Winner
of numerous awards and prizes, Vincent Ho has emerged
as a much sought-after composer. During his academic
studies, his works were already being performed by
many prestigious ensembles and orchestras, including
The Toronto Symphony Orchestra, The Vancouver Symphony
Orchestra, The Winnipeg Symphony Orchestra, l’Orchestre
de la Francophonie canadienne, Arraymusic, The Arditti
Quartet, The Composer’s Quartet, Earplay New
Music Ensemble, Counter-Induction, and Land’s
End Chamber Ensemble. His music has also been featured
at numerous festivals such as The Winnipeg New
Music Festival,
New York’s MATA New Music Festival,
Parry Sound’s Festival of the Sound, The
Markham Music Festival, Toronto’s Massey
Hall New Music Festival, Ottawa’s Strings
of the Future Festival, and Bakersfield’s New
Directions Series. In addition to North America,
his works have been performed in China, France
and Italy.
His many awards have included
Harvard University’s Fromm
Music Commission, The Canada Council for the
Arts’ “Robert Fleming Prize” (for
most talented young Canadian composer, 2005), The
Canadian Music Centre’s “2006 Emerging
Composer Prize”, the “Morton Gould
Young Composer Award” (ASCAP, 2004), four
SOCAN Young Composers awards (Second Prize, 1999;
Third Prize, 2001; two Second Prizes, 2004), EARPLAY’s “Donald
Aird Memorial Composition Award” (2004),
Portland Chamber Music Festival’s “2006
Composers’ Competition”, the “Audience
Prize” from the Toronto New Music Festival (1999),
and The University of Southern California’s “2004
Sadye J. Moss Composition Prize”. He has
also received prizes from the Strings of the
Future, the PEEL Music festivals
(both 1999), and was a finalist for the 2005
Hultgren Solo Cello Works Biennial.
Born in
Ottawa, Ontario in 1975, Vincent Ho began his musical
training through the Royal Conservatory of Music.
After receiving his Associate Diploma in Piano
Performance from the RCM in 1993, he enrolled as
a composition major at the University of Calgary.
After earning his Bachelor of Music degree, he
went on to earn his Master of Music degree from
the University of Toronto (1998) and his Doctor
of Musical Arts degree from the University of Southern
California (2005).
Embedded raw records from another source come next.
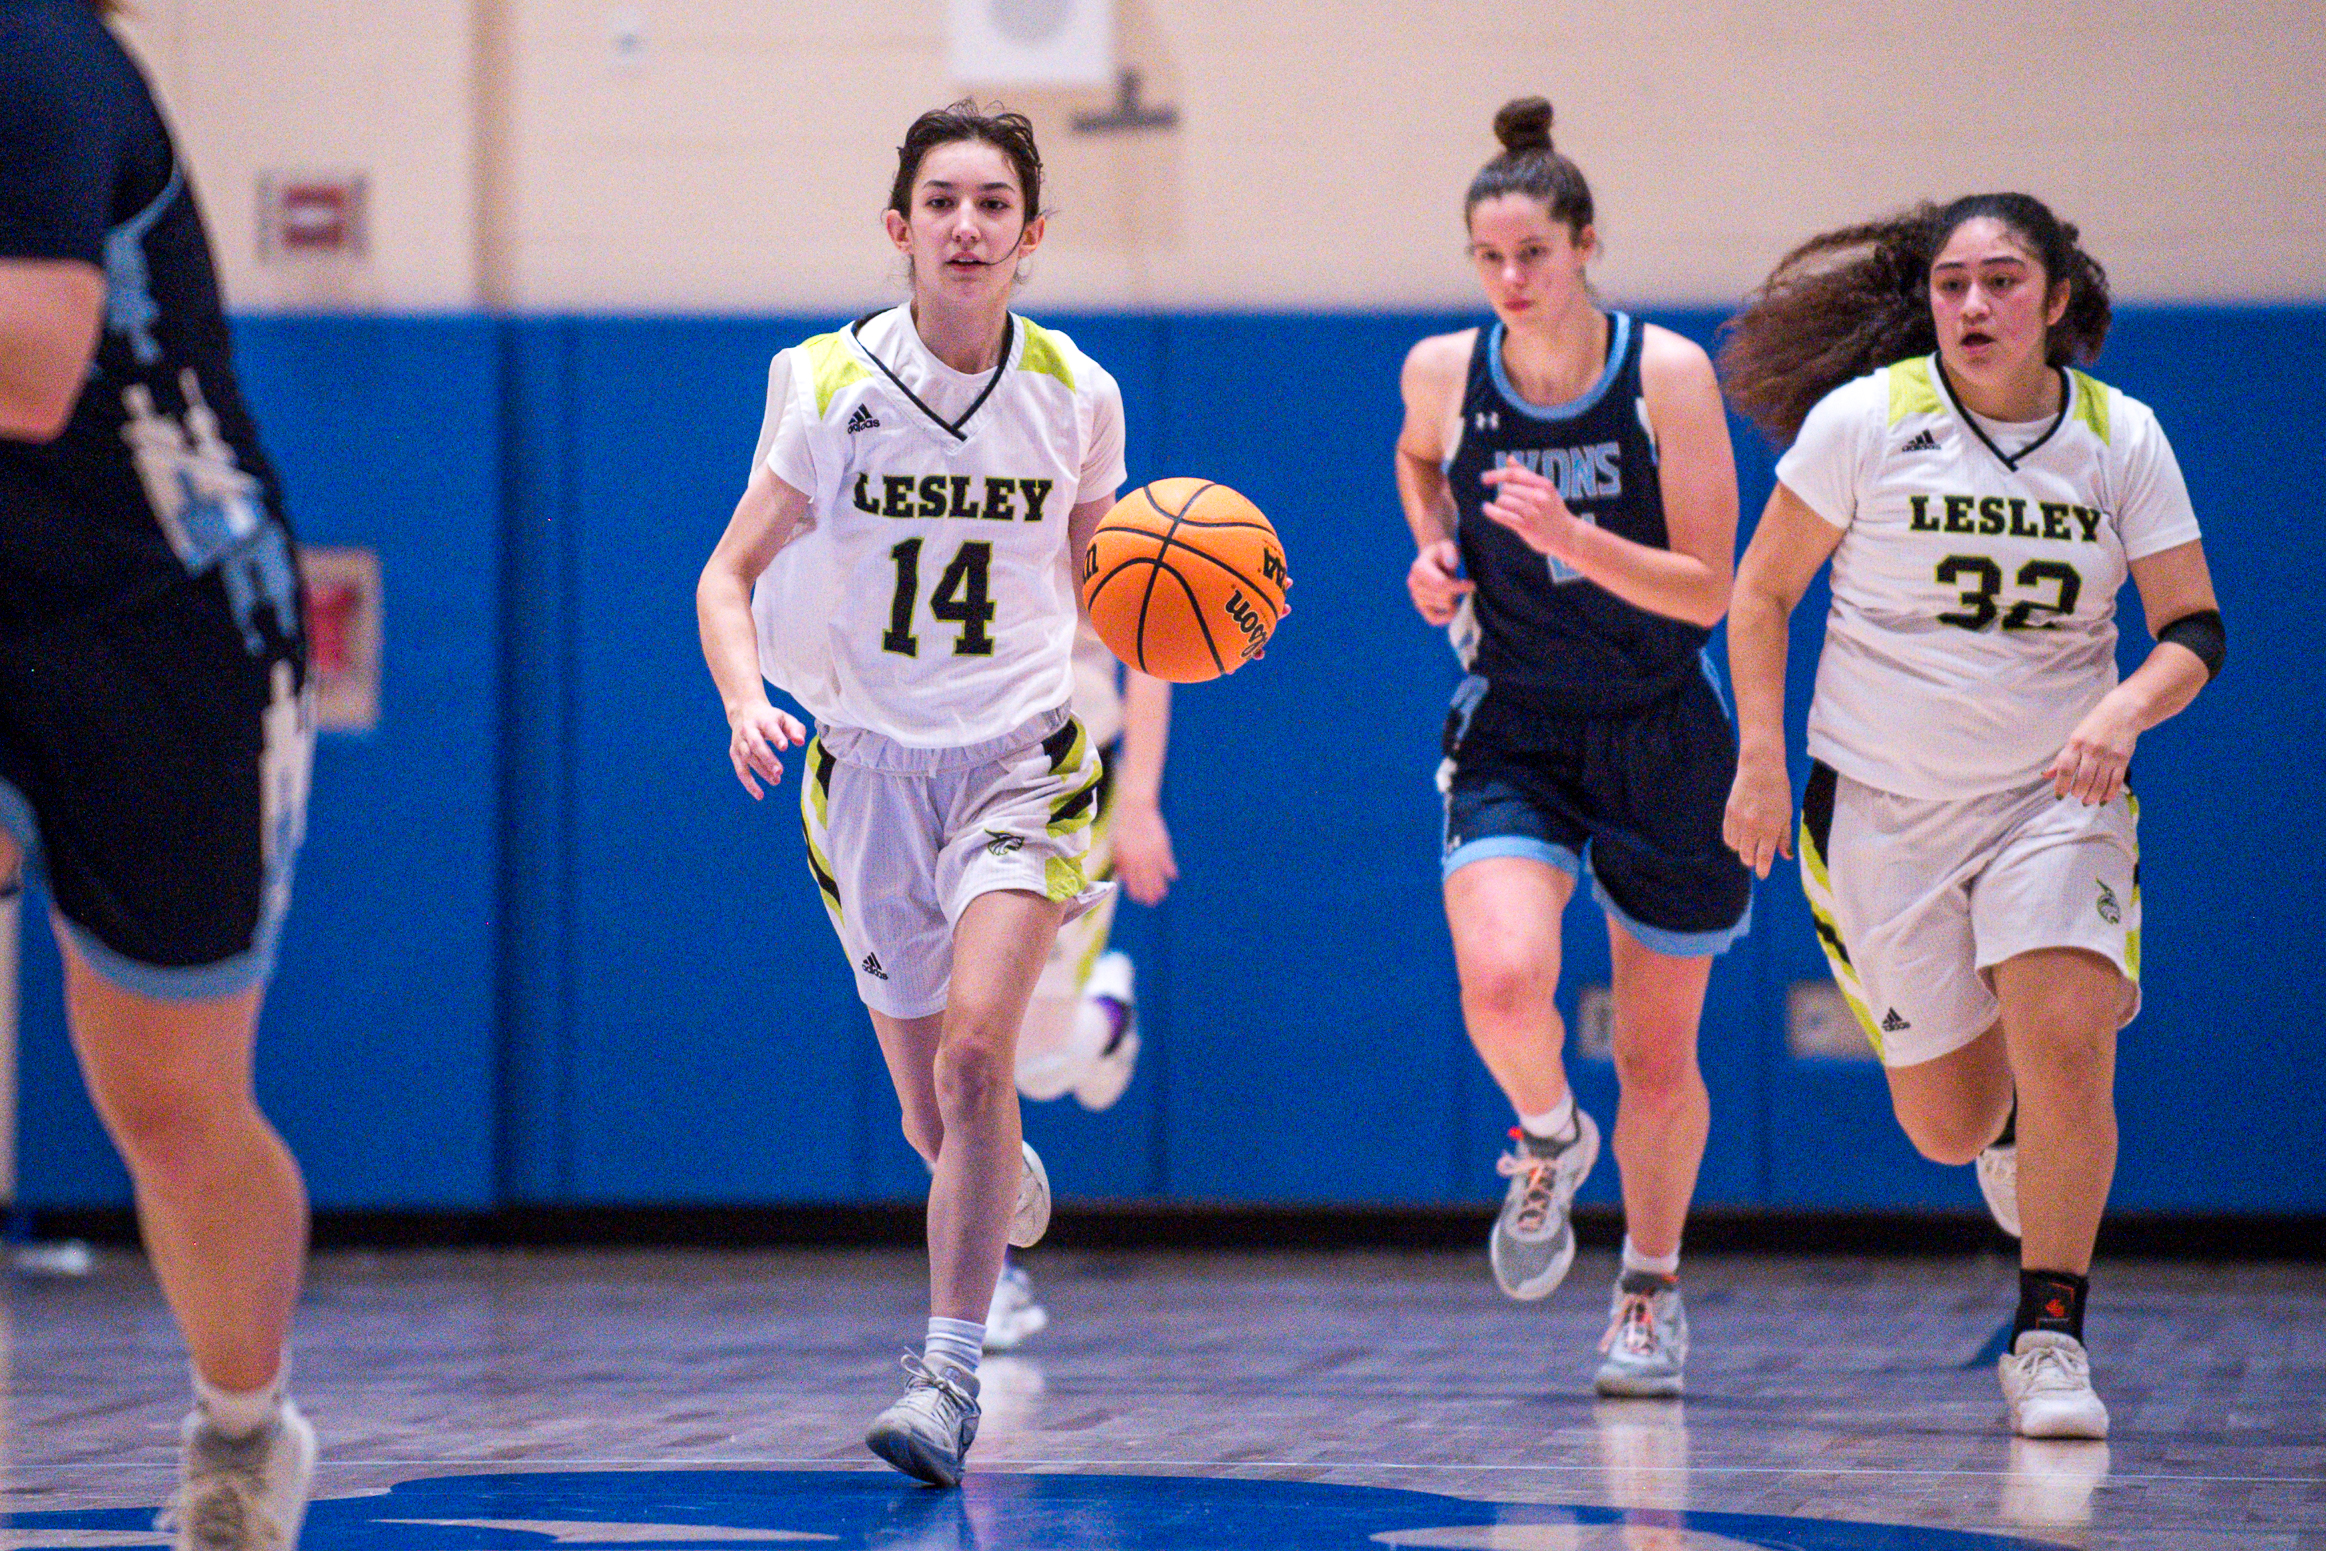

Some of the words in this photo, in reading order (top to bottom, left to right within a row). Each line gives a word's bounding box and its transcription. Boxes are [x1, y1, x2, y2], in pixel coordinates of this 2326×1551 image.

[847, 415, 880, 435] adidas
[852, 472, 1054, 523] LESLEY
[1909, 494, 2101, 543] LESLEY
[881, 536, 998, 658] 14
[1935, 553, 2082, 632] 32
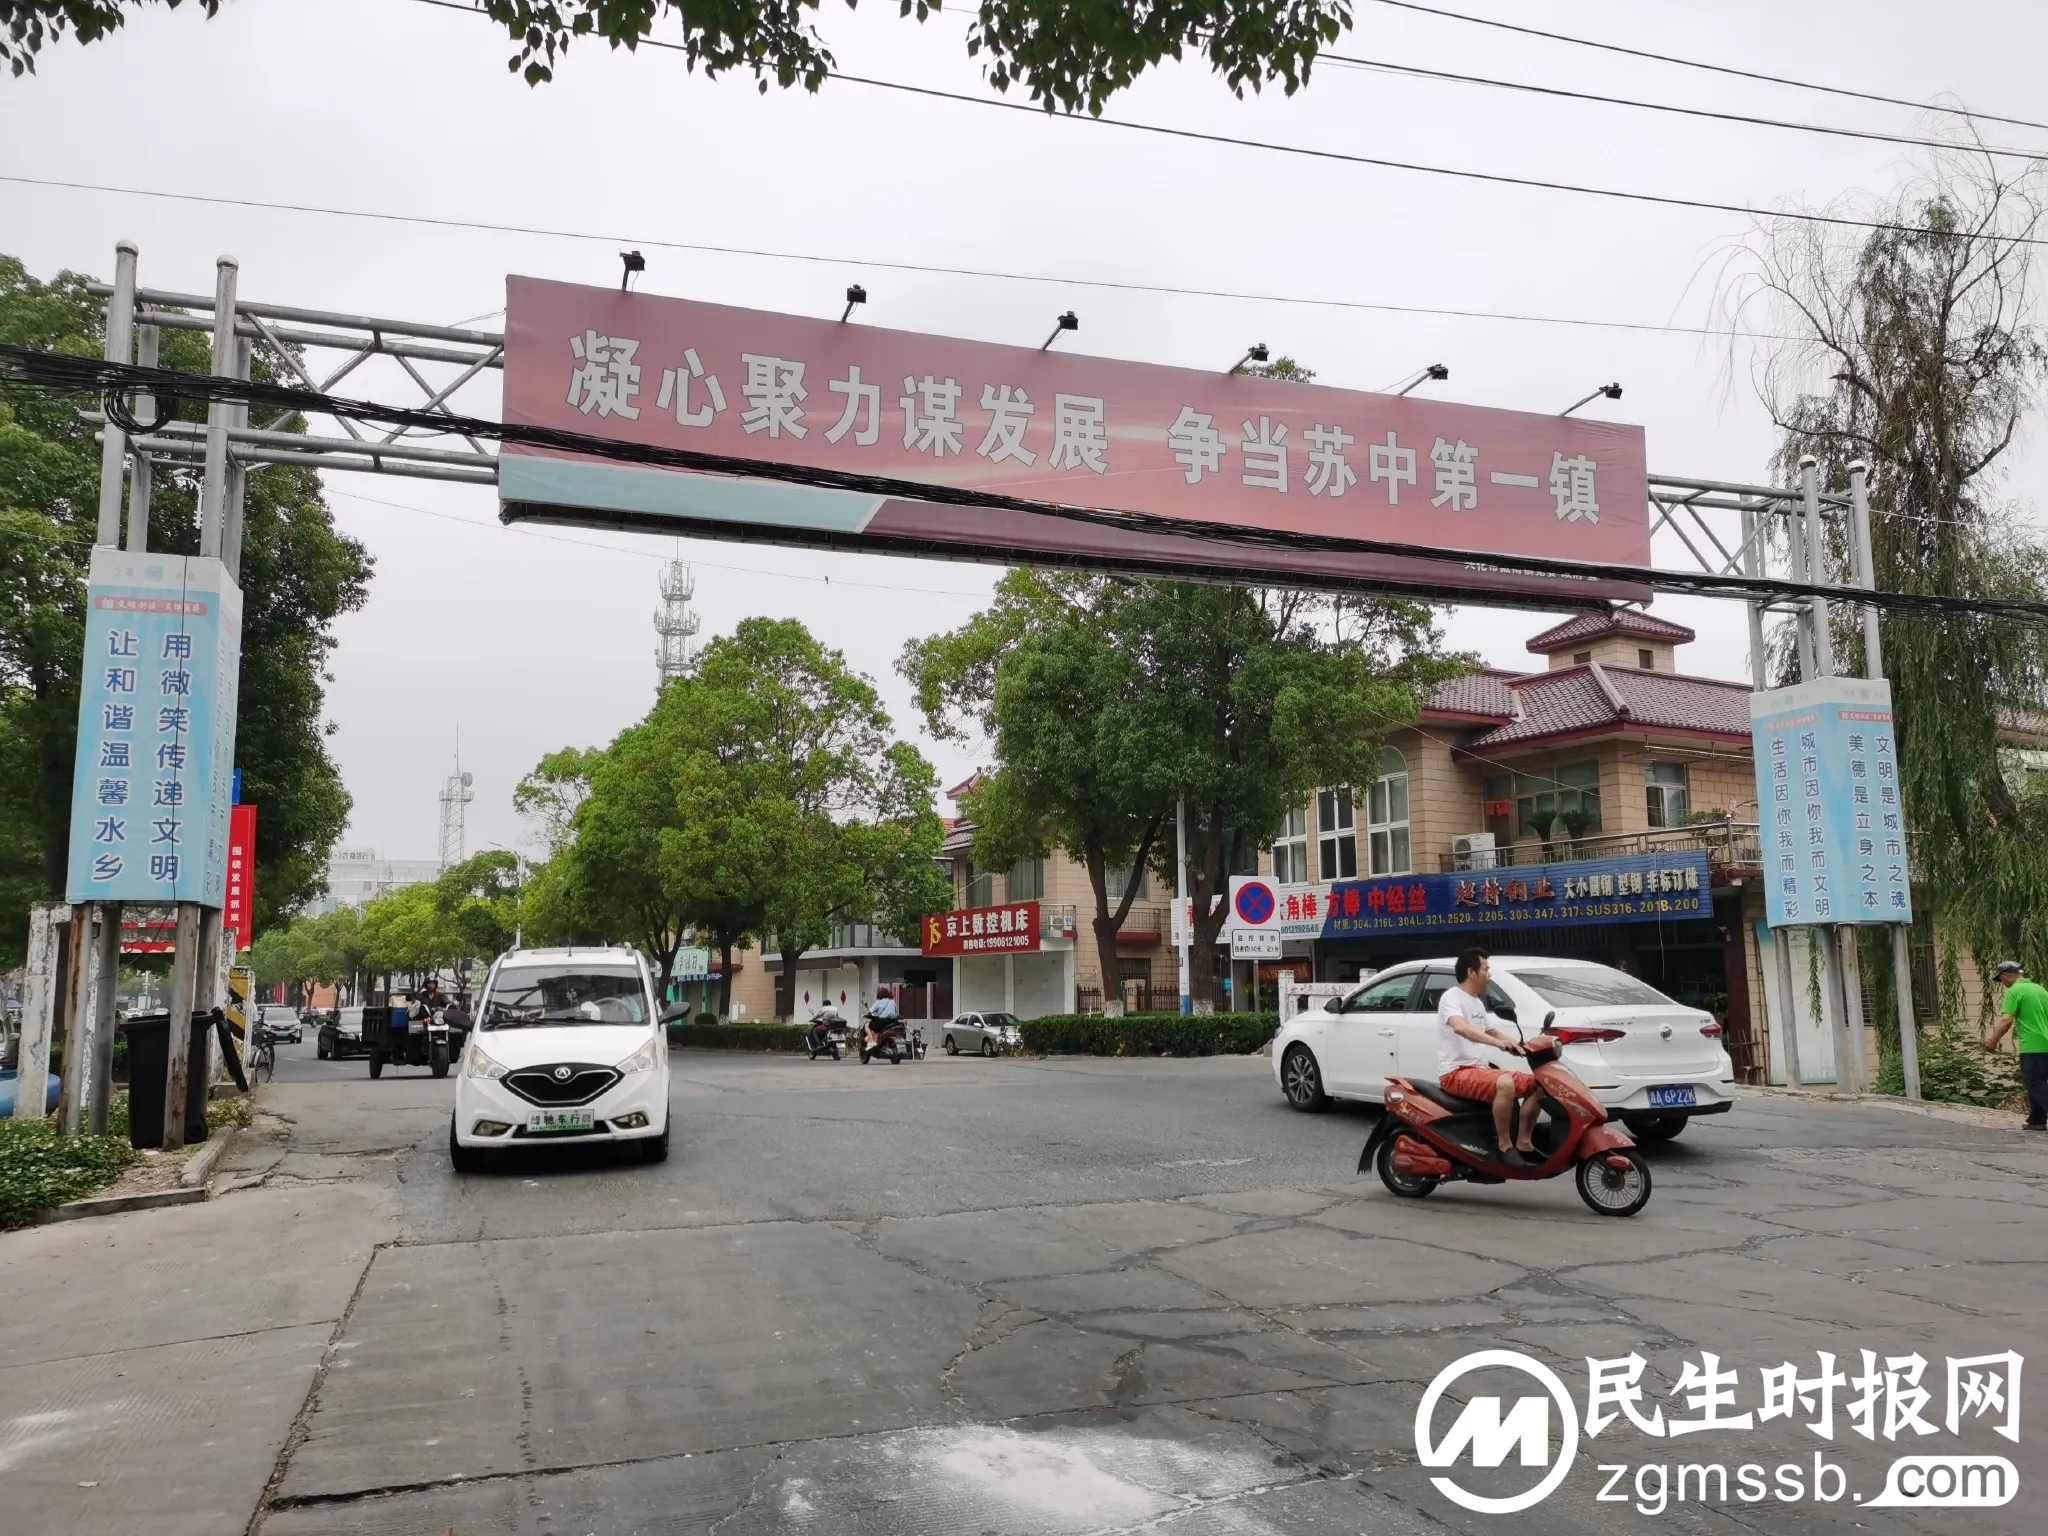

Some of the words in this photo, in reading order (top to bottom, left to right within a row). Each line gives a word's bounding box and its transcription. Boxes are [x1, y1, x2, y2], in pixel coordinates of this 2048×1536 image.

[566, 329, 1109, 475] 凝心聚力谋发展
[1167, 405, 1601, 526] 争当苏中第一镇
[91, 630, 139, 882] 让和谐温馨水乡
[151, 633, 192, 882] 用微笑传递文明
[1770, 738, 1800, 919] 生活因你我而精彩
[1800, 731, 1830, 917] 城市因你我而文明
[1848, 735, 1879, 908] 美德是立身之本
[1875, 735, 1906, 909] 文明是城市之魂
[946, 908, 1029, 938] 京上数控机床
[1368, 883, 1427, 915] 中经丝
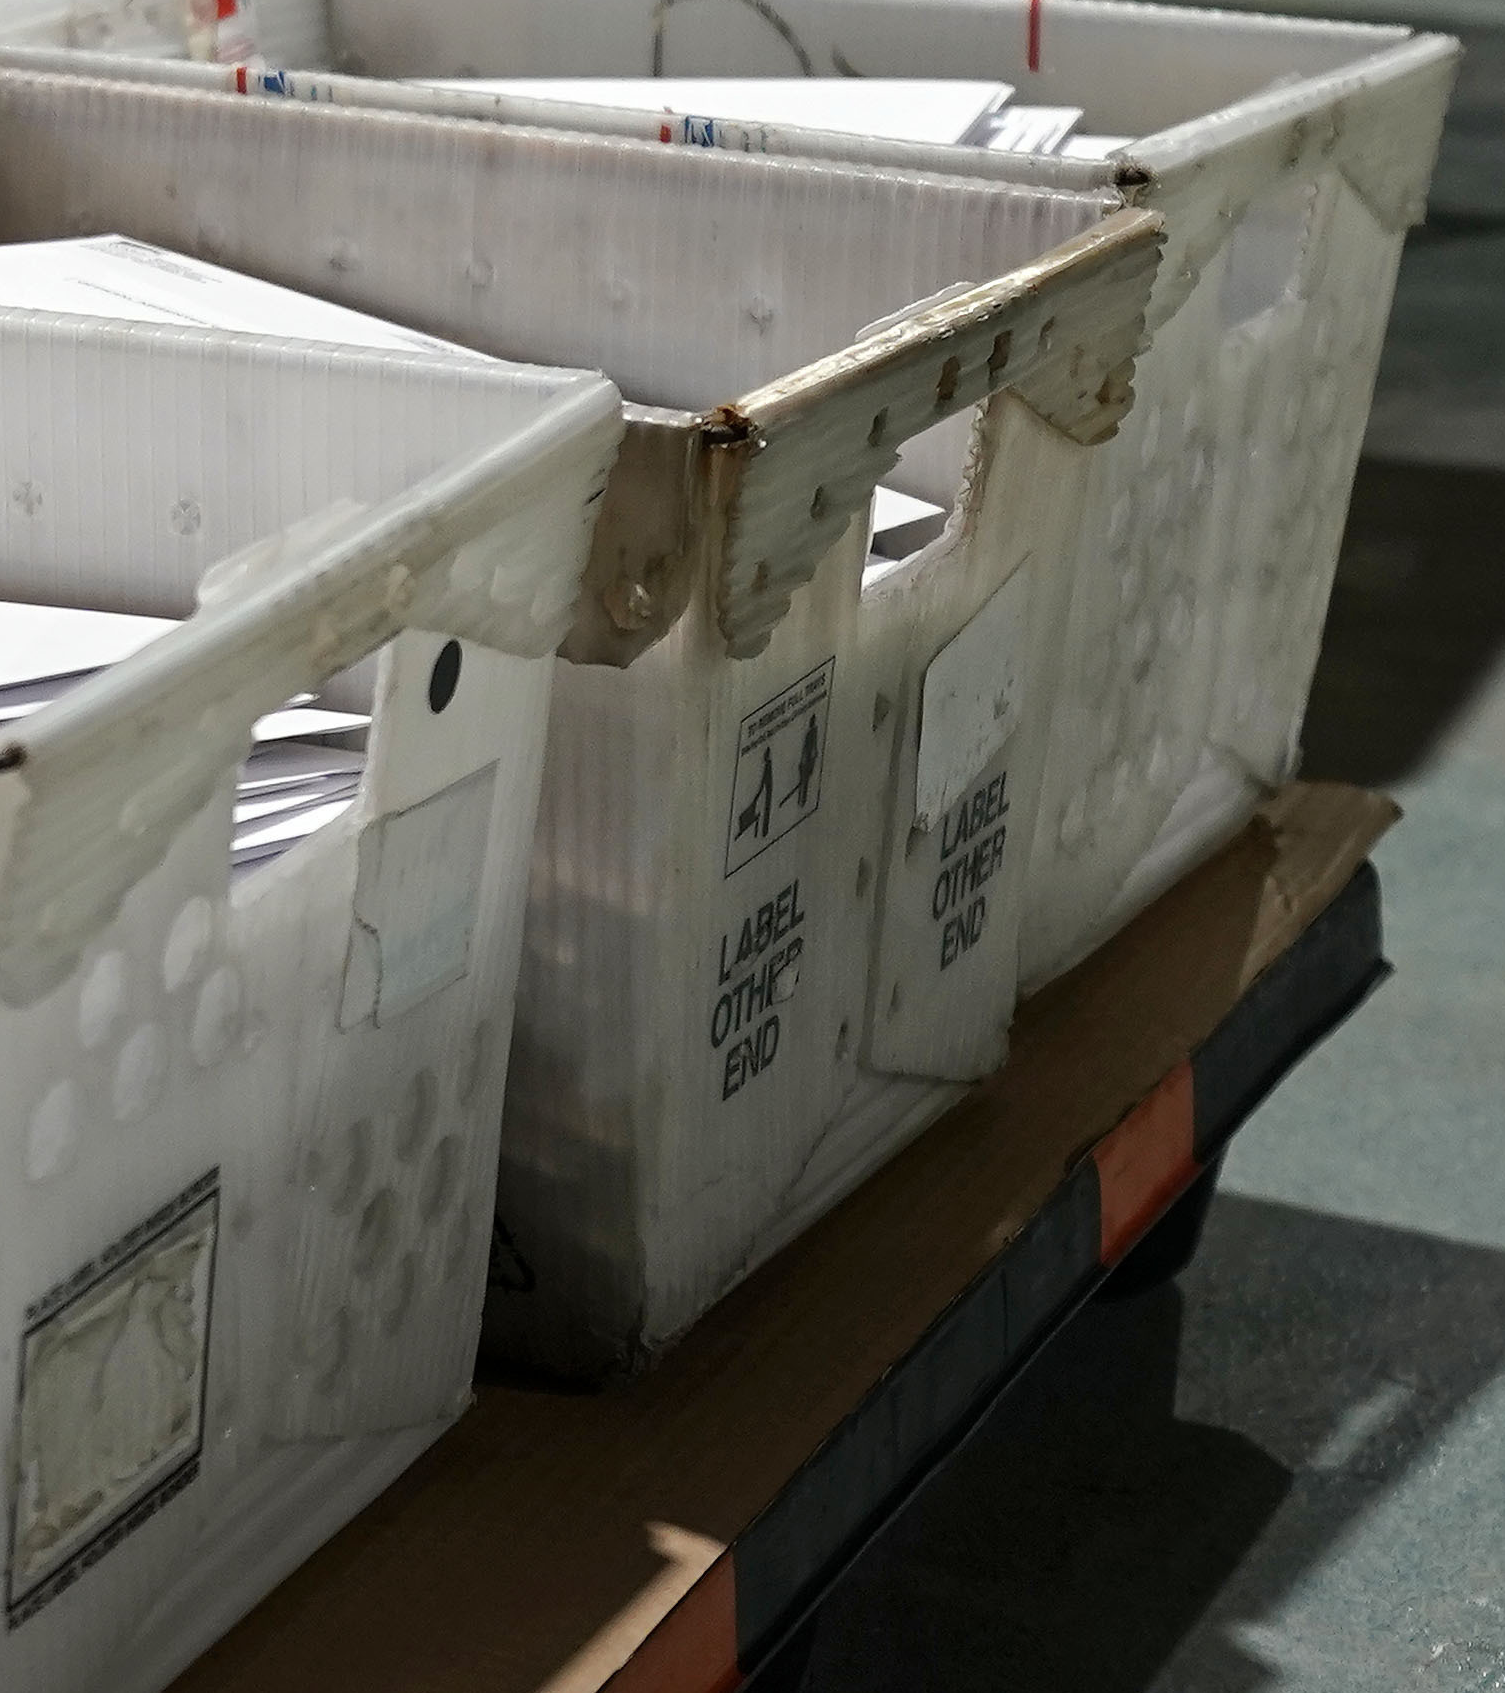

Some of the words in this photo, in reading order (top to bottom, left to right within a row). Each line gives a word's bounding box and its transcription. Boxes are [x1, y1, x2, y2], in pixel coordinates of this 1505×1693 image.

His mentors have included Allan
Bell, David Eagle, Christos Hatzis, Walter Buczynski,
and Stephen Hartke. In 1997, he was awarded a scholarship
to attend the Schola Cantorum Summer Composition
Program in Paris, where he received further training
in analysis, composition, counterpoint, and harmony,
supervised by David Diamond and Philip Lasser from
the Juilliard School of Music and Narcis Bonet
from the Paris Conservatoire.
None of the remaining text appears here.